*** RECORDS FOR PROCESSING ***
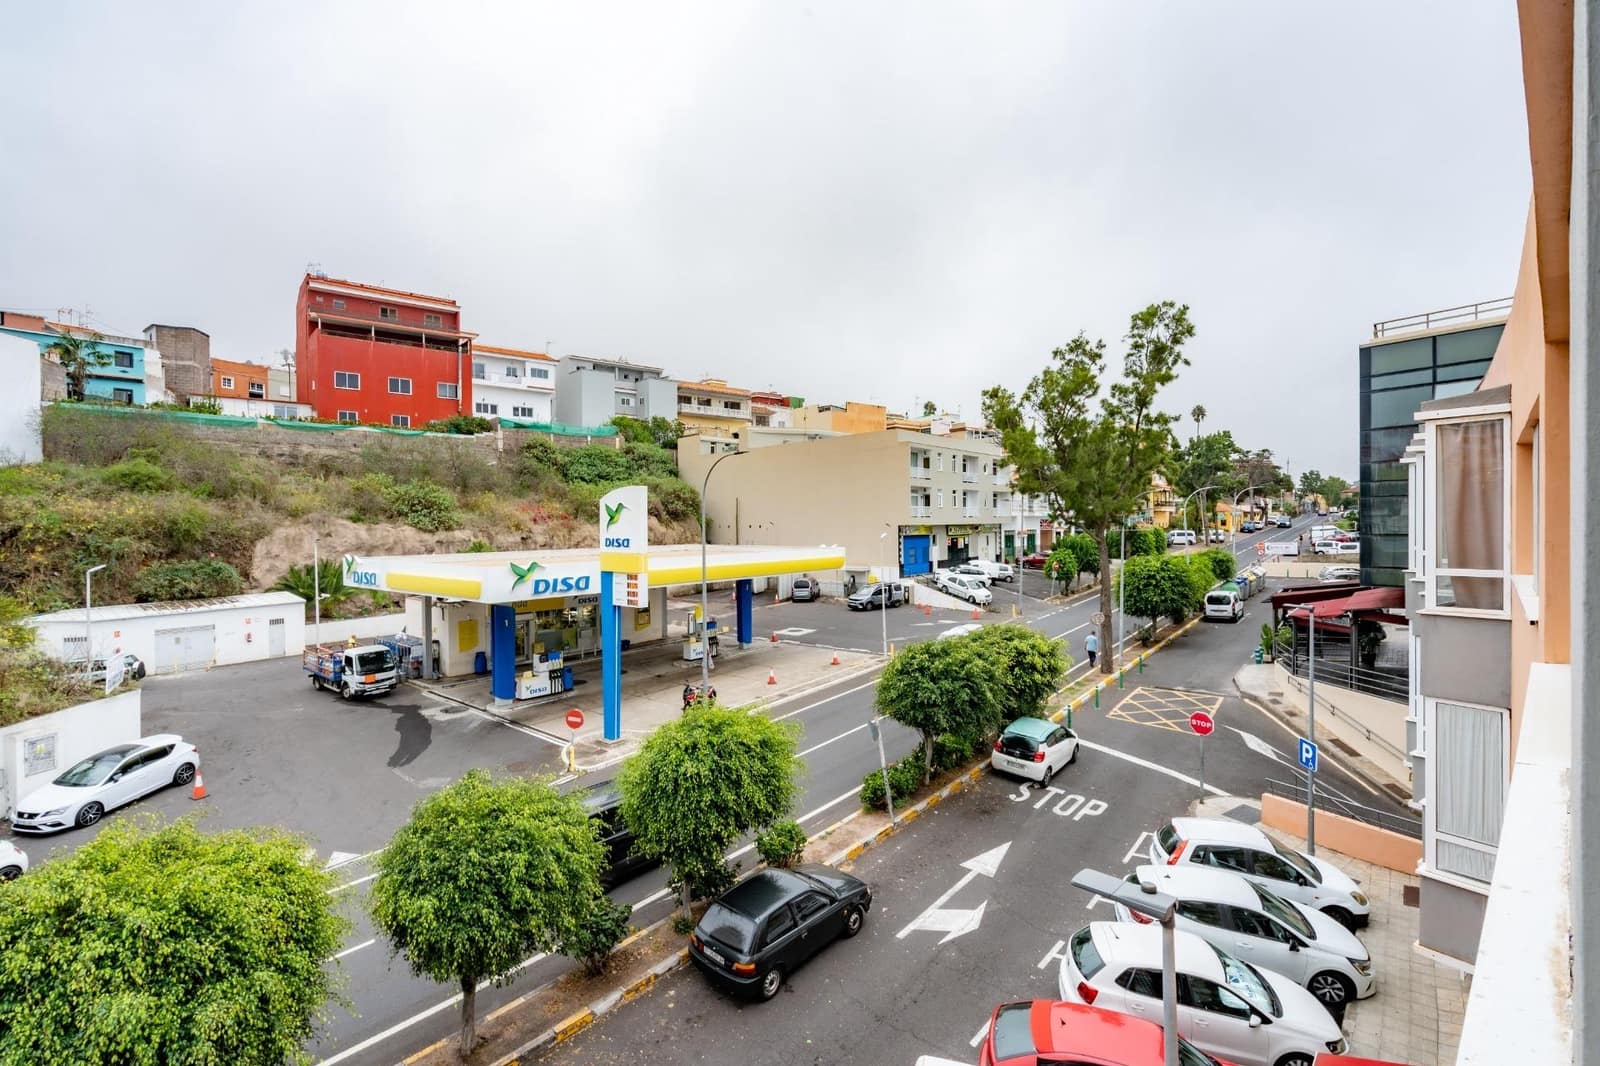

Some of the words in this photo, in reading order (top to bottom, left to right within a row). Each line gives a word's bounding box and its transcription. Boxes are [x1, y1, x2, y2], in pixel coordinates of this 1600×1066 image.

[1191, 718, 1212, 729] STOP
[1301, 742, 1313, 763] P
[1008, 782, 1109, 822] STOP
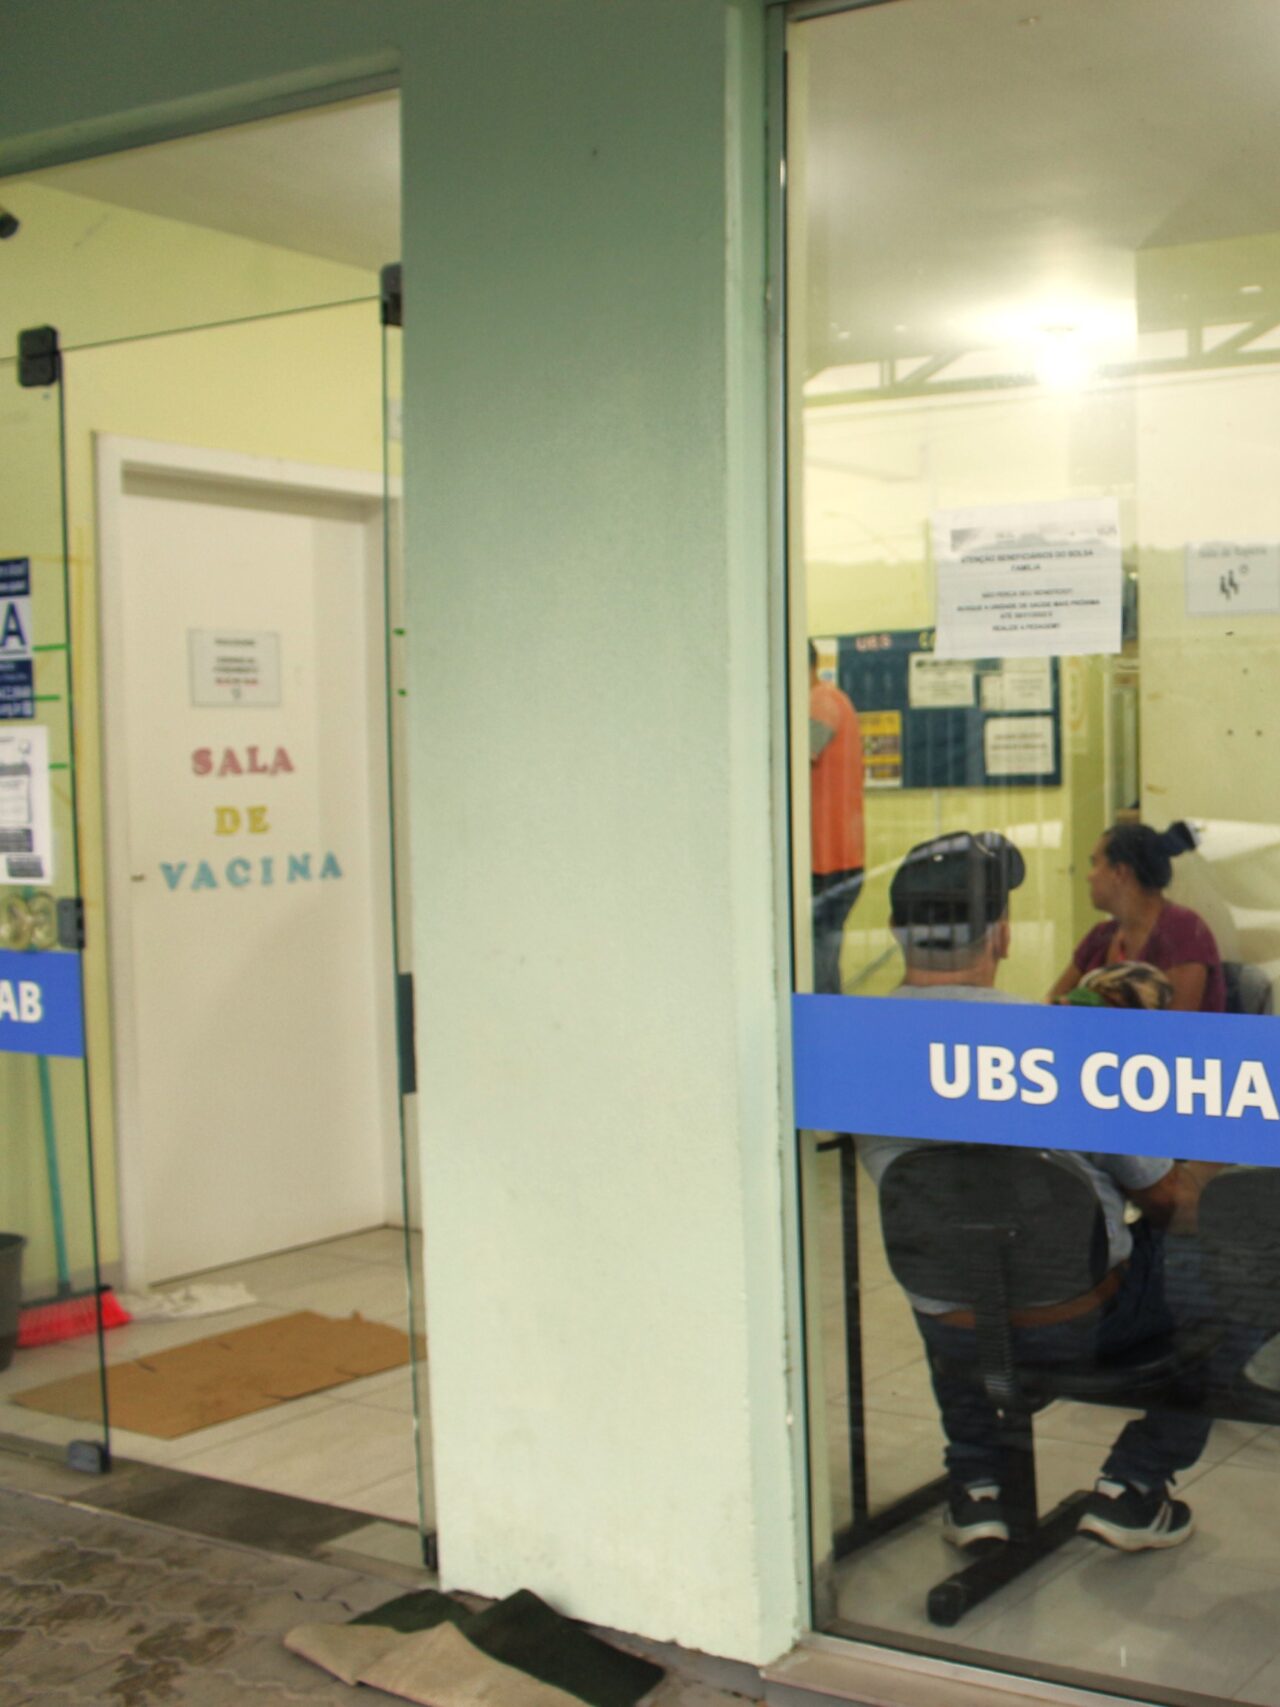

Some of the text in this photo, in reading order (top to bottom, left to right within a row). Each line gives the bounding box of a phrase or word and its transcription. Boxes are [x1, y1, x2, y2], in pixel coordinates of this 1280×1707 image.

[1067, 549, 1094, 559] BOLSA
[191, 746, 295, 776] SALA
[214, 806, 271, 835] DE
[159, 852, 343, 890] VACINA
[929, 1042, 1059, 1105] UBS
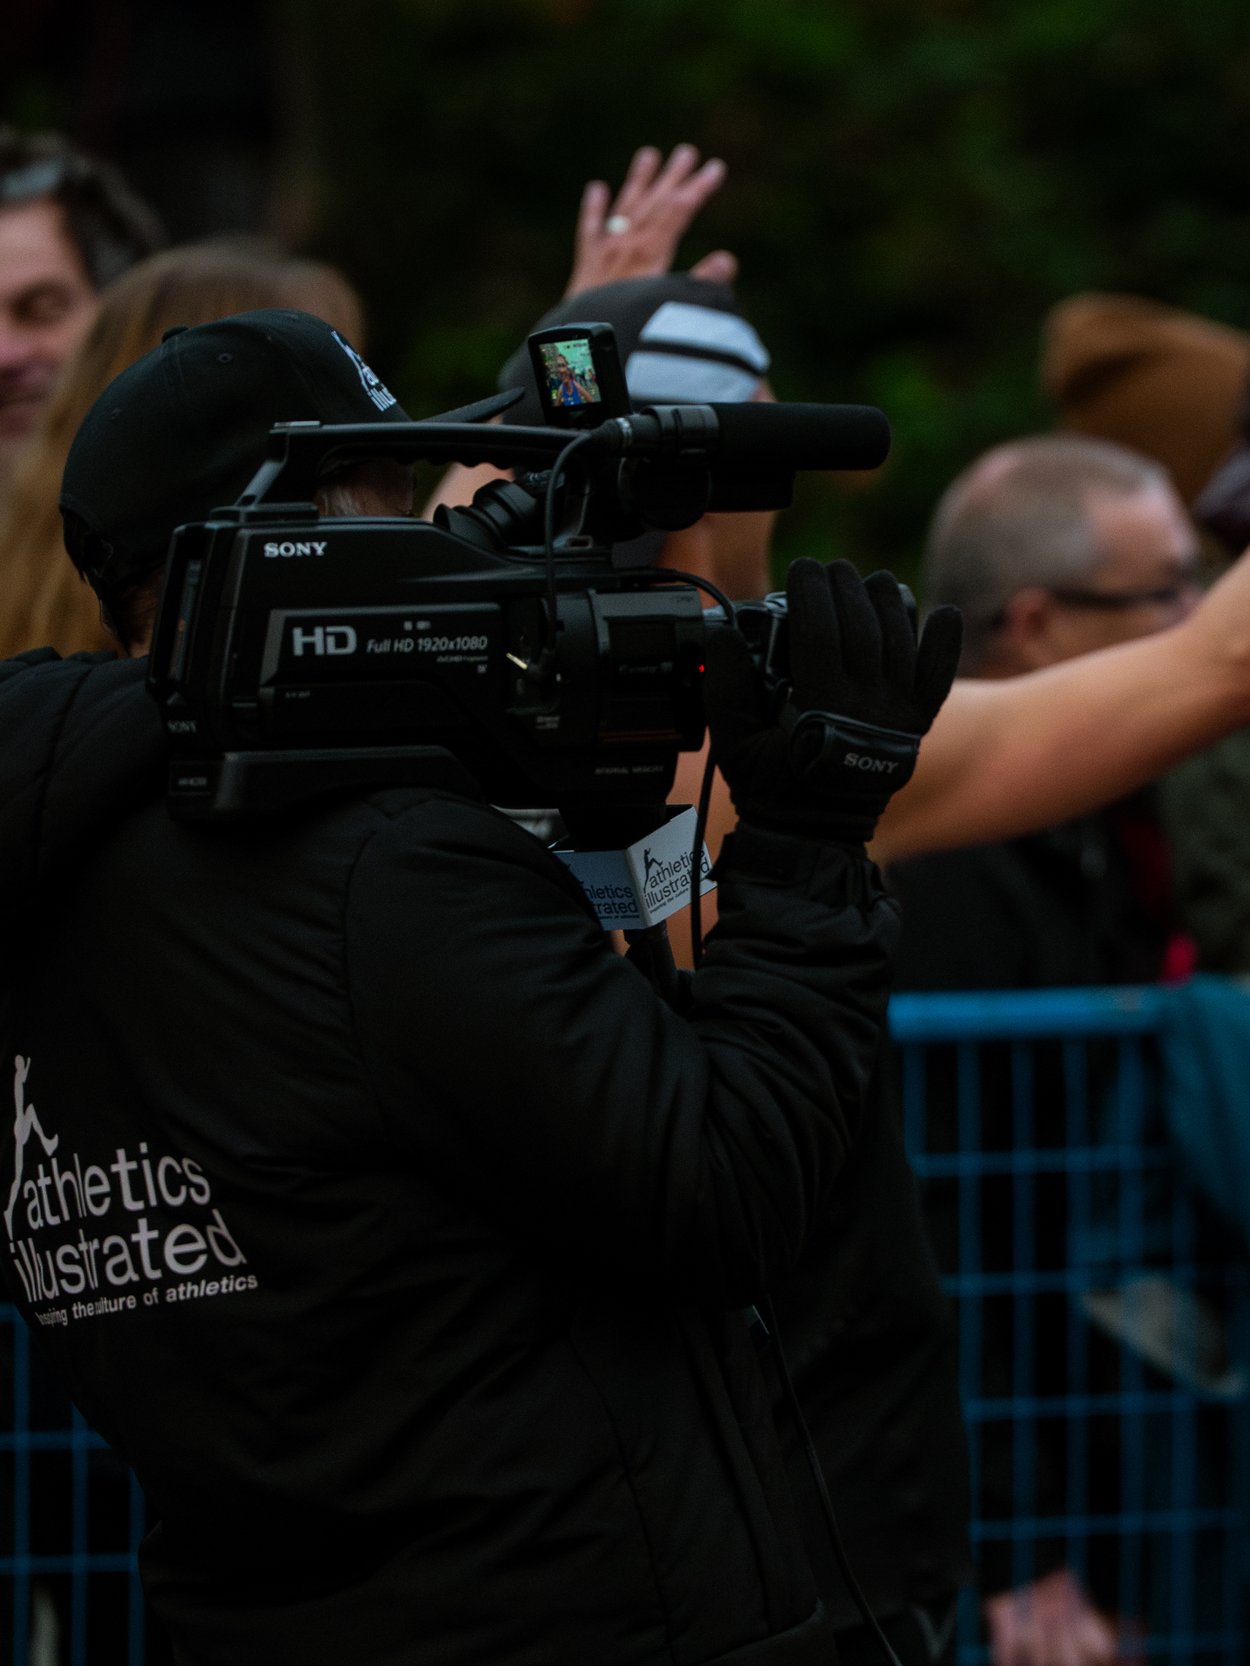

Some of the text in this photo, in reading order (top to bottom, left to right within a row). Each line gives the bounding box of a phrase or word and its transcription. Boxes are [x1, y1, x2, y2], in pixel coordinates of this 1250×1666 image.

[263, 540, 328, 559] SONY
[291, 624, 358, 657] HD
[365, 635, 489, 654] Full HD 1920x1080
[843, 752, 899, 775] SONY
[643, 859, 710, 909] illustratd
[23, 1142, 211, 1230] athletics
[9, 1208, 248, 1304] illustrated
[72, 1301, 94, 1319] the
[143, 1288, 160, 1306] of
[165, 1274, 259, 1303] athletics
*** End of RECORDS FOR PROCESSING ***
▶ _PROBLEM TO WORK ON_:
The full listing must come back exactly as written, with its pictures left out.

▶ _RESPONSE TO THE EXERCISE_:
Some of the words in this photo, in reading order (top to bottom, left to right within a row). Each line gives a word's bounding box and its transcription. Boxes are [x1, y1, x2, y2], in pixel coordinates of this 1600×1066 image.

[1191, 718, 1212, 729] STOP
[1301, 742, 1313, 763] P
[1008, 782, 1109, 822] STOP

Some of the text in this photo, in reading order (top to bottom, left to right within a row). Each line gives the bounding box of a phrase or word and its transcription. Boxes are [x1, y1, x2, y2], in pixel coordinates of this 1280×1707 image.

[1067, 549, 1094, 559] BOLSA
[191, 746, 295, 776] SALA
[214, 806, 271, 835] DE
[159, 852, 343, 890] VACINA
[929, 1042, 1059, 1105] UBS

Some of the text in this photo, in reading order (top to bottom, left to right within a row). Each line gives the bounding box of a phrase or word and its transcription. Boxes are [x1, y1, x2, y2], in pixel coordinates of this 1250×1666 image.

[263, 540, 328, 559] SONY
[291, 624, 358, 657] HD
[365, 635, 489, 654] Full HD 1920x1080
[843, 752, 899, 775] SONY
[643, 859, 710, 909] illustratd
[23, 1142, 211, 1230] athletics
[9, 1208, 248, 1304] illustrated
[72, 1301, 94, 1319] the
[143, 1288, 160, 1306] of
[165, 1274, 259, 1303] athletics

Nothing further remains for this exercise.